If, on the evening of July 9, 1876, at six of the clock, you go and stand where the shadow of the steeple of St. Paul’s church in New York is falling, you will occupy the space General Washington occupied, just one hundred years ago, when with uncovered head and reverent mien, he, in the presence of and surrounded by a brigade of noble soldiers, listened to the reading of the Declaration of Independence.

You will remember that at the church door on Sunday, Blue-Eyed Boy brought to him, by word of mouth, the great news that a nation was born on Thursday.

This news was now, for the first time, announced to the men of New York and New England.

No wonder that their military caps came off on Tuesday, that their arms swung in the air, and their voices burst forth into one loud acclaim that might have been heard by the British foe then landing on Staten Island.
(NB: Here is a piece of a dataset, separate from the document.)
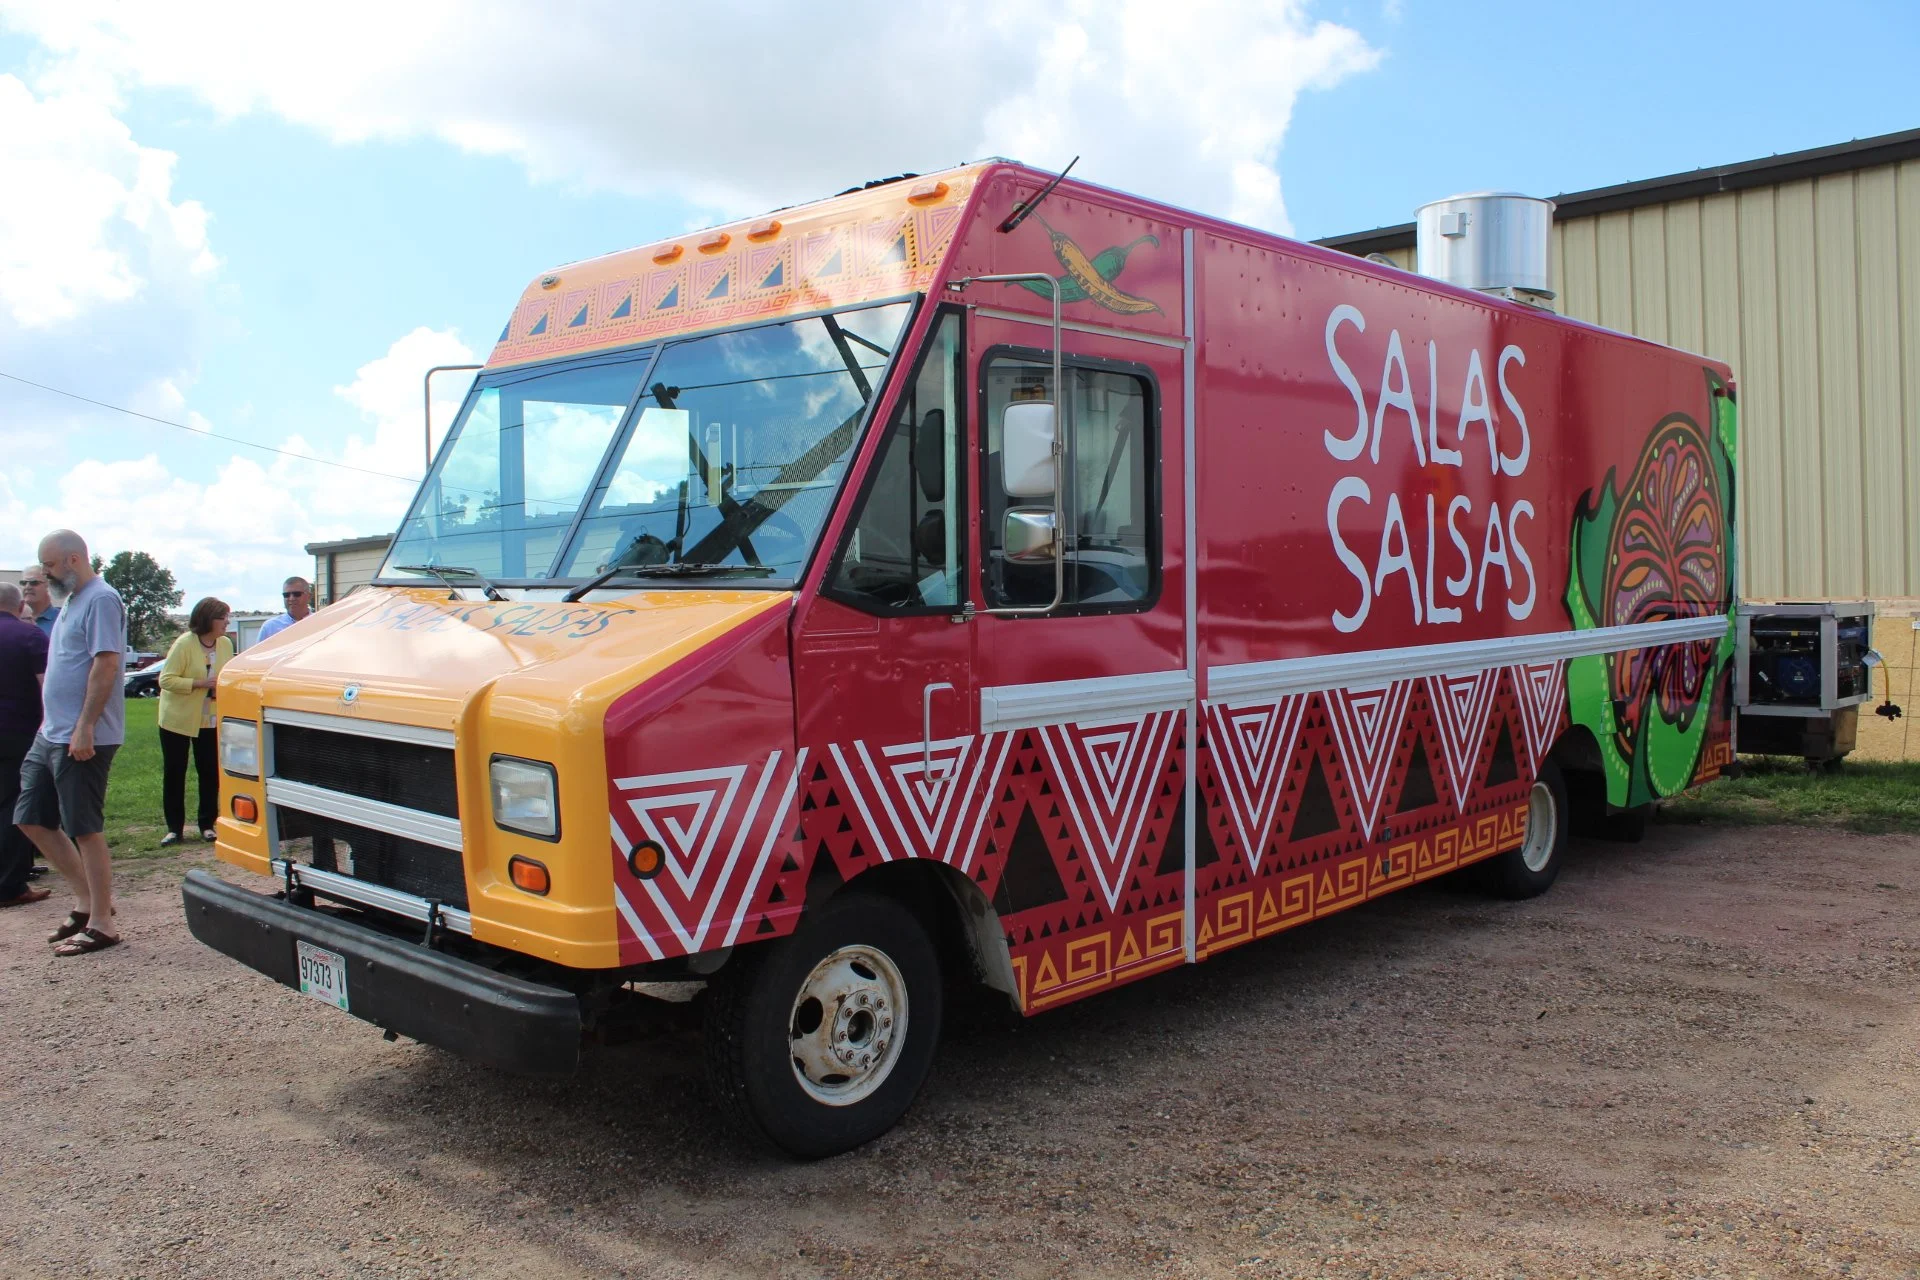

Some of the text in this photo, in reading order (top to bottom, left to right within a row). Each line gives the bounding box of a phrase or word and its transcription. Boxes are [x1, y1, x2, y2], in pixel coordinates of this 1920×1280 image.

As you stand there, and the shadow of old St. Paul swings around and covers you, shut your eyes and listen. Something of the olden music, of the loud acclaim, may swing around with the shadow and fall on your ears, since no motion is ever spent, no sound ever still.

On that night, when the grand burst of enthusiasm had arisen, Blue-Eyed Boy said to General Washington: “I am afraid, sir, if Congress had known, they never would have done it, never! It seemed easy to do it in Philadelphia, where everything is just as it used to be; but here, with all the British ships riding in, full of soldiers, and guns enough in them to smash the old State House where they did it! If they’d only known about the ships!–“

Ah! Blue-Eyed Boy. You didn’t keep your eye very close to Congress Hall in the morning of last Thursday, or you would have heard Mr. Hancock or Mr. Thompson read to Congress a letter from General Washington, announcing the arrival of General Howe at Sandy Hook with one hundred and ten ships of war.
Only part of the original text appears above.